Brasília, 25 (AE) - A Comissão Parlamentar de Inquérito (CPI) do Sistema Financeiro decidiu em sua sessão reservada de hoje determinar a quebra do sigilo bancário de todas as contas CC5 (contas de não-residentes no Brasil abertas em bancos no País) a partir de maio de 1996.
Foi autorizada ainda a convocação do procurador da República Celso Três, da cidade de Cascavel (PR), que investiga um esquema de remessa de dinheiro para o exterior por contas CC5 que teria mobilizado 310 "laranjas" e remetido US$ 5 bilhões entre 1997 e 1998.
A CPI decidiu ainda pedir à Polícia Federal uma acareação entre o ex-diretor de Fiscalização do Banco Central, Cláudio Mauch, sua subordinada Teresa Grossi, e o presidente do Banco Fonte-Cindam, Luís Antônio Gonçalves.

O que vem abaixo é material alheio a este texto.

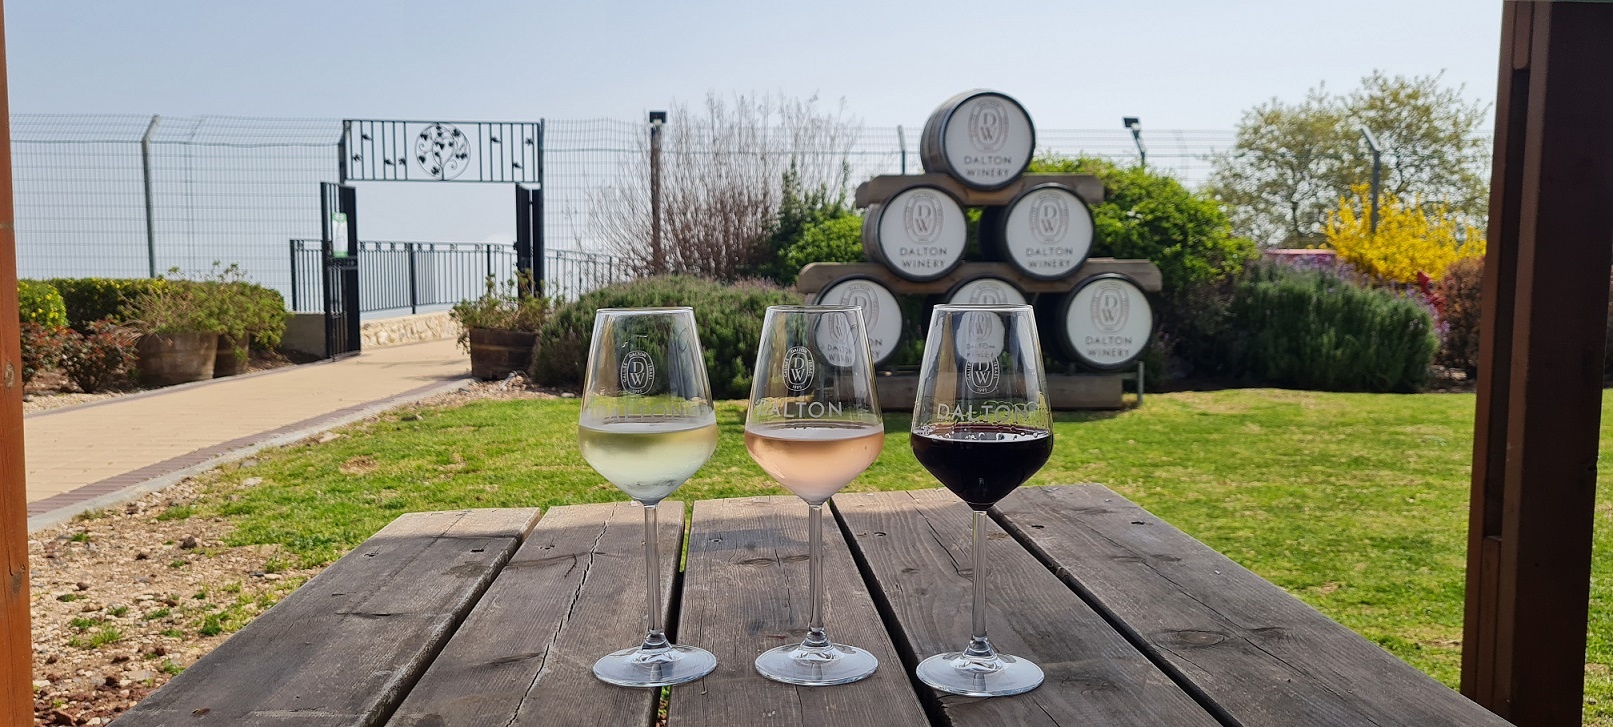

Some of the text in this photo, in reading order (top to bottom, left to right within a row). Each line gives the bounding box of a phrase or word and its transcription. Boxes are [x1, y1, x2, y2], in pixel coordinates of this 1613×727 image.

[963, 156, 1012, 165] DALTON
[966, 168, 1009, 177] WINERY
[899, 247, 947, 256] DALTON
[1026, 247, 1073, 257] DALTON
[902, 260, 945, 268] WINERY
[1029, 260, 1070, 268] WINERY
[1085, 336, 1133, 345] DALTON
[1088, 349, 1129, 357] WINERY
[936, 403, 1028, 422] DALTON
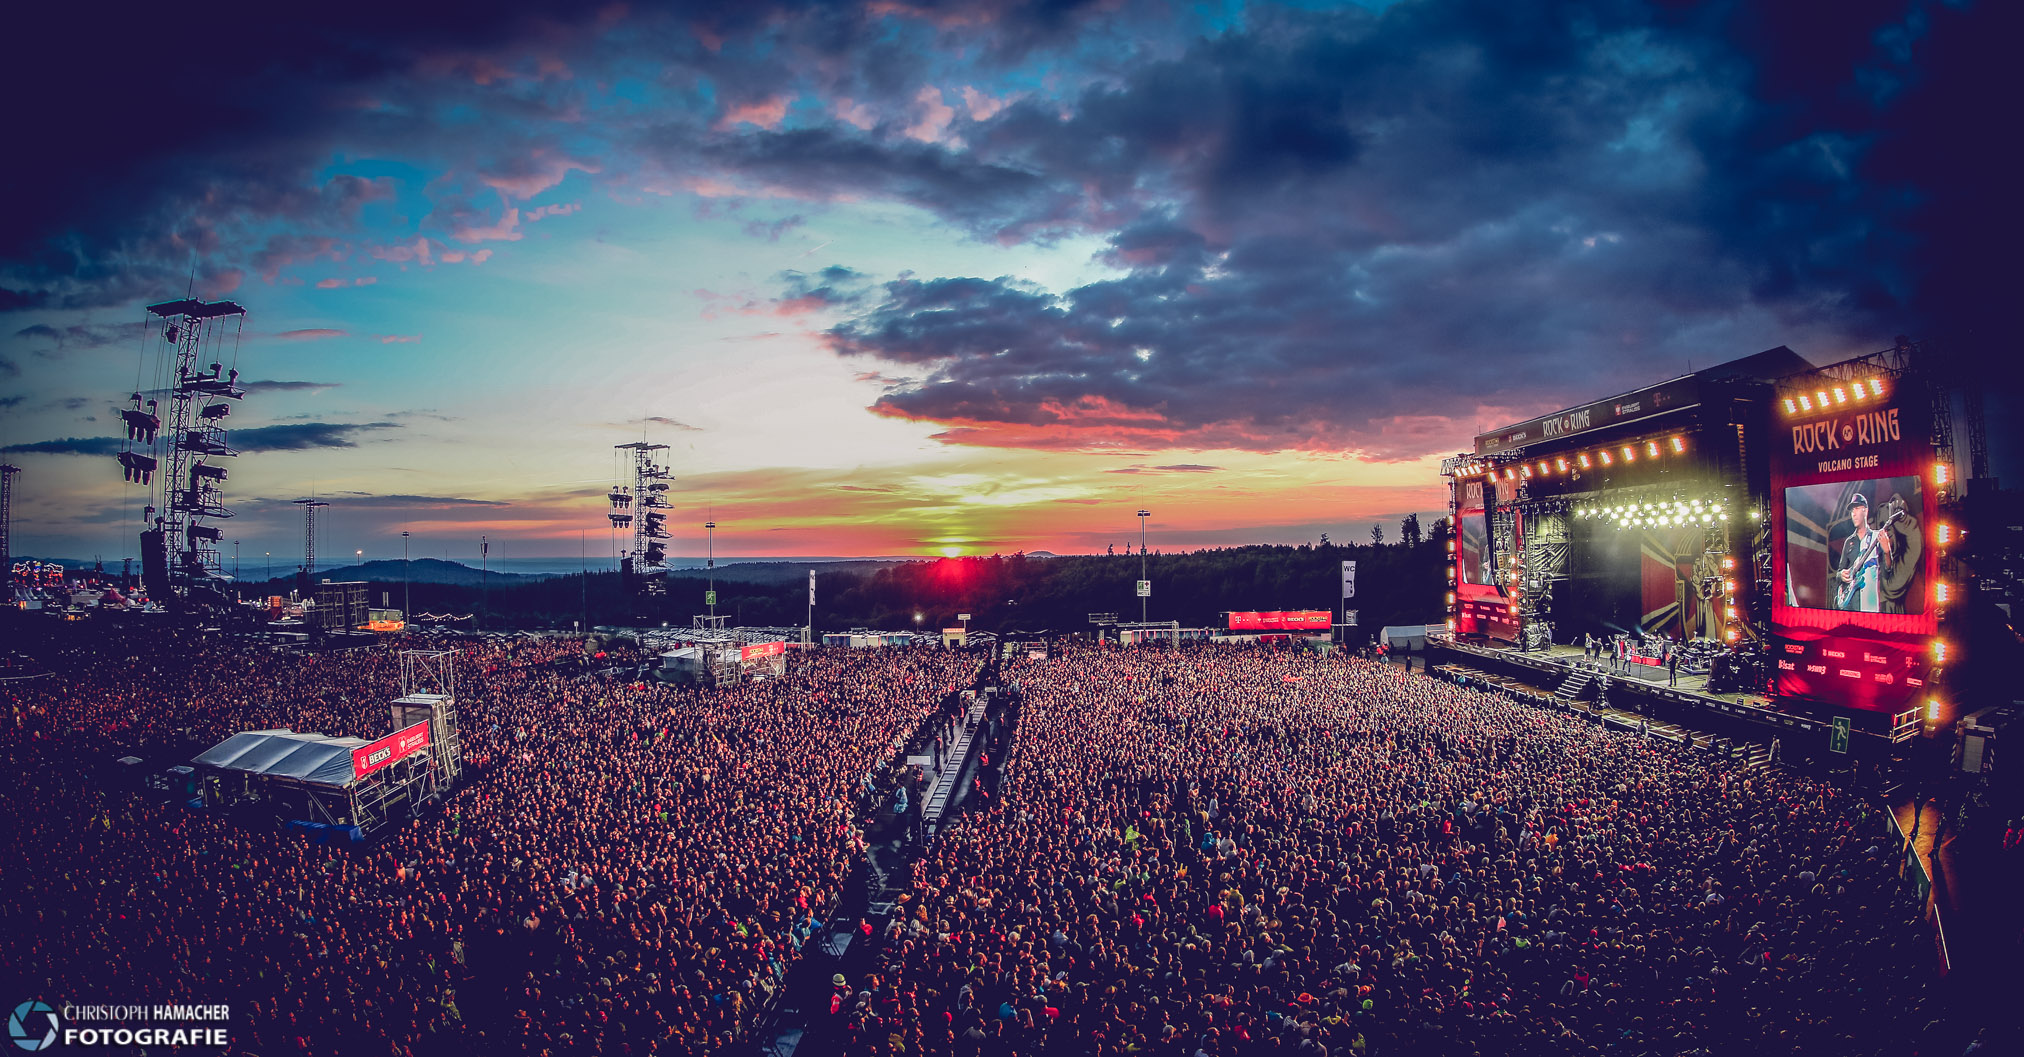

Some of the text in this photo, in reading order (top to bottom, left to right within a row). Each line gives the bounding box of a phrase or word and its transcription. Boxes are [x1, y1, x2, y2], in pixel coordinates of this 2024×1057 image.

[1543, 410, 1590, 437] ROCK RING
[1792, 419, 1840, 455] ROCK
[1856, 408, 1900, 446] RING
[1818, 455, 1879, 473] VOLCANO STAGE
[368, 746, 391, 765] BECK'S
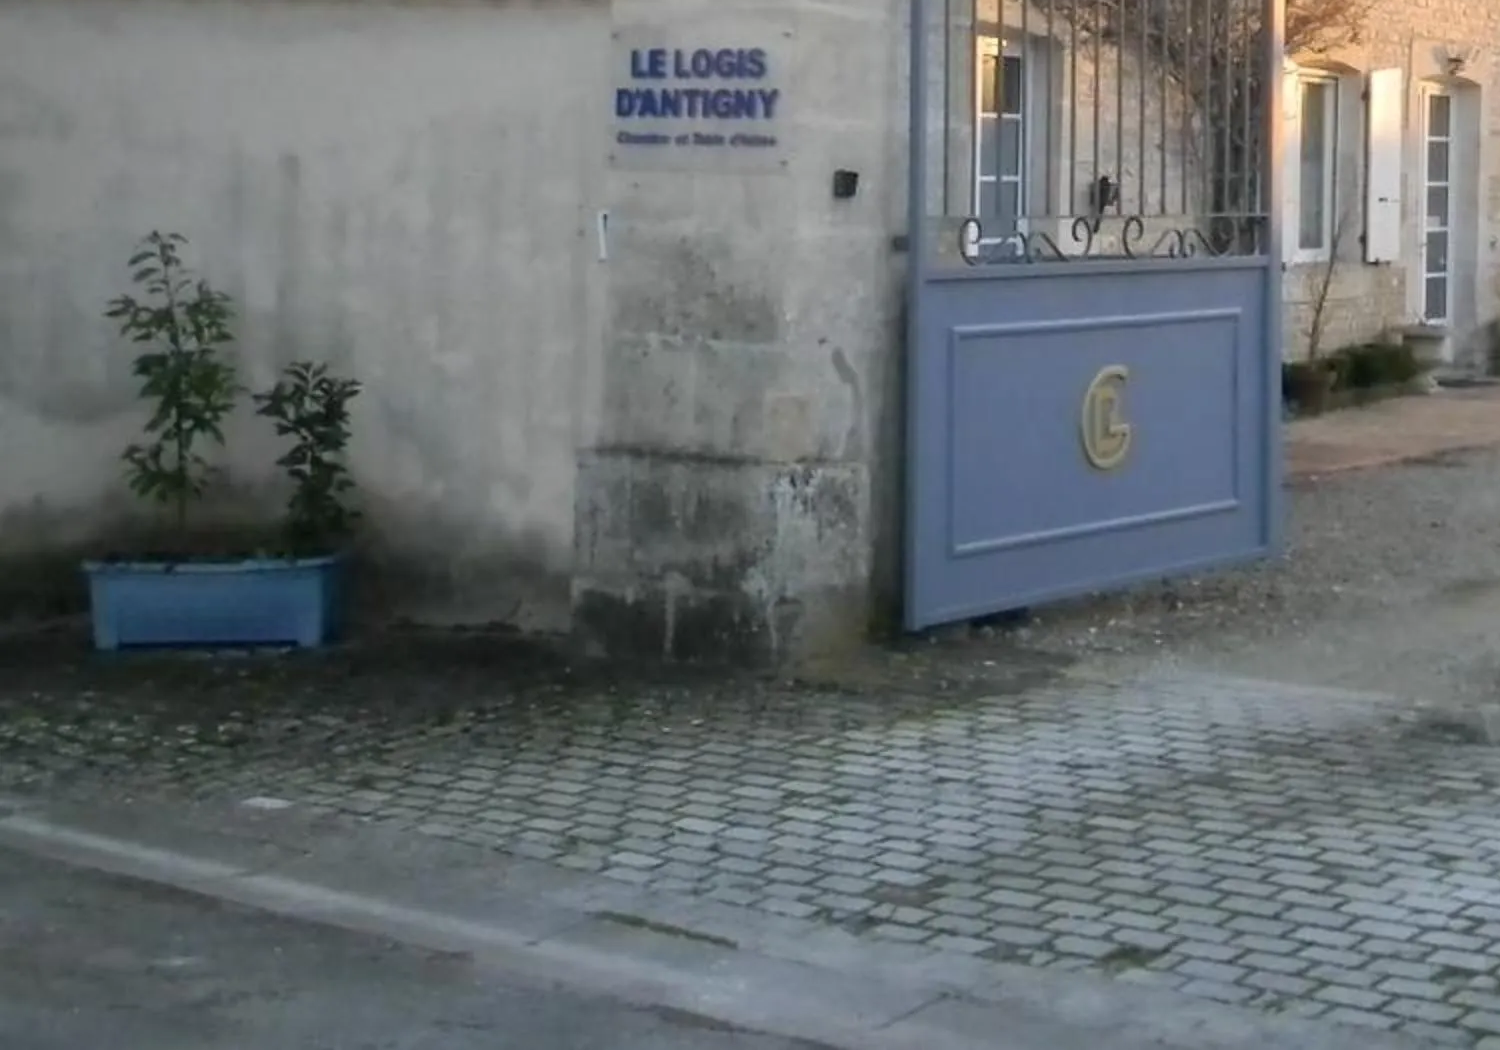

Foi decidida ainda a solicitação à Receita Federal de uma investigação especial de Cláudio Monteiro da Costa, dos fundos Positrano e Indosuez e foi providenciada a remessa do sigilo bancário à Receita dos principais personagens investigados pela CPI. Foram solicitadas à Comissão de Valores Mobiliários (CVM) informações sobre Domingos Rabelo Ferreira Neto.